Il rentra dans son cabinet de travail avant de rejoindre sa femme qui veillait le petit mourant. Là il feuilleta hâtivement des livres, les repoussa, tenta de se recueillir pour arracher à sa science une idée, un secret. Le jour tombait. Par les fenêtres d’angle, il voyait d’un côté le vieux bourg de Beaufort avec ses maisons à tourelles, ses ruelles étroites, le pont jeté sur le Doron, et, de l’autre, le paysage sévère, une pente de sapins recouverts de givre. Qu’était-il venu faire dans ce canton perdu de la Savoie, étroite vallée qu’écrasaient les montagnes trop proches ? En quelques instants, comme il arrive dans les circonstances tragiques où la vie afflue au cerveau, il résuma ses dernières années. La nécessité avait gouverné sa vie : ne gouverne-t-elle pas la plupart des vies humaines ? Marié tout jeune et sans fortune, après de bonnes études de médecine, il n’avait pu attendre, dans une grande ville, une clientèle toujours lente au début. Le canton de Beaufort, depuis dix ans, était abandonné des médecins : qui se soucierait d’ensevelir sa jeunesse dans ce coin de terre au climat rude, aux hivers persistants mal compensés par la beauté trop brève des étés, aux habitants laborieux, honnêtes, mais rugueux et peu cultivés ? Vraiment la municipalité offrait une subvention dans le but d’enrayer la mortalité infantile. Cette subvention, l’absence de concurrence, les commodités de l’existence matérielle, toutes considérations utilitaires, avaient déterminé la venue du docteur Brunoy. On l’avait accueilli comme un sauveur. Un an plus tard, il aimait ce pays comme sa terre natale. Adrienne, sa femme, qui craignait le monde, n’étant plus obligée de se guinder s’épanouissait et chantait tout le long du jour. Un fils leur était né, un beau petit, bien charpenté et dodu.
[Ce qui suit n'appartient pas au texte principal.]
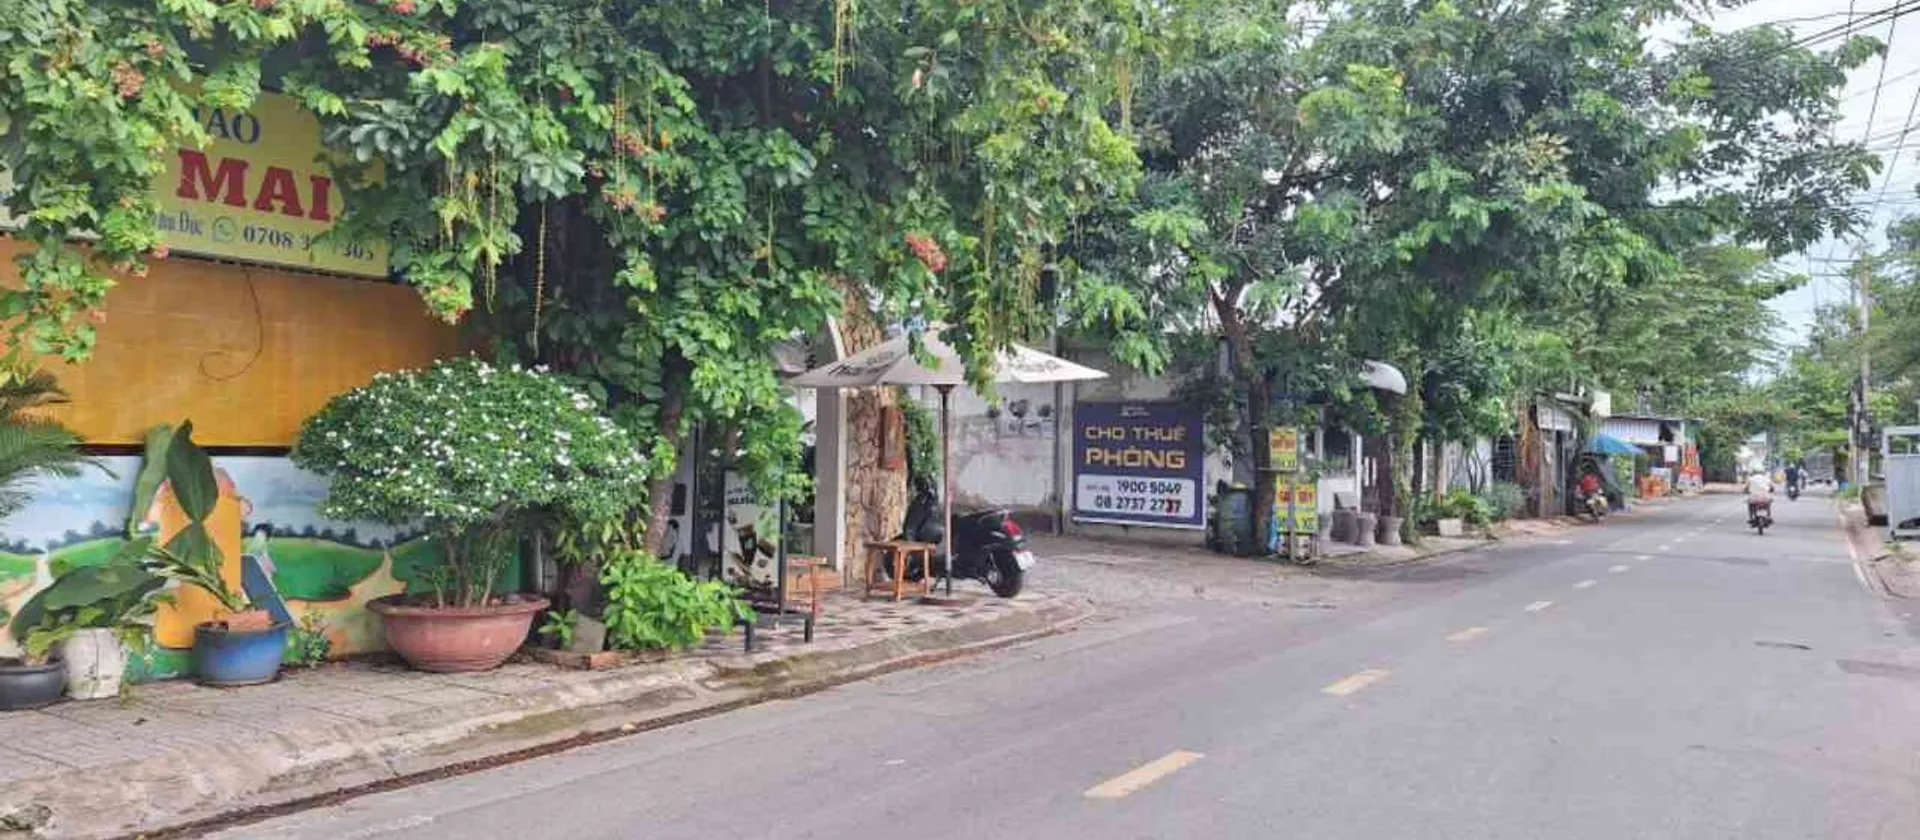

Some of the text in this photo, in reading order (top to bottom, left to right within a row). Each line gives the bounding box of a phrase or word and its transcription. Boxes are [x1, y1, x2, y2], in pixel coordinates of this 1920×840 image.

[243, 224, 293, 249] 0708
[1085, 426, 1125, 441] CHO
[1086, 445, 1186, 469] PHÒNG
[1117, 480, 1147, 493] 1900
[1149, 480, 1182, 494] 5049
Enfin il constatait les résultats rapides de son œuvre : pas un village, pas un hameau où il n’eût conjuré quelque malheur. Dans cette vallée les enfants abondent, mais on les perd aussi facilement qu’on les a : manque d’hygiène, de soins, ignorance des préservatifs, de tous les remèdes qui sont le triomphe des mères. Il s’acharna à répandre cette instruction maternelle, à retirer à la mort ces jeunes proies trop faciles et trop peu résistantes.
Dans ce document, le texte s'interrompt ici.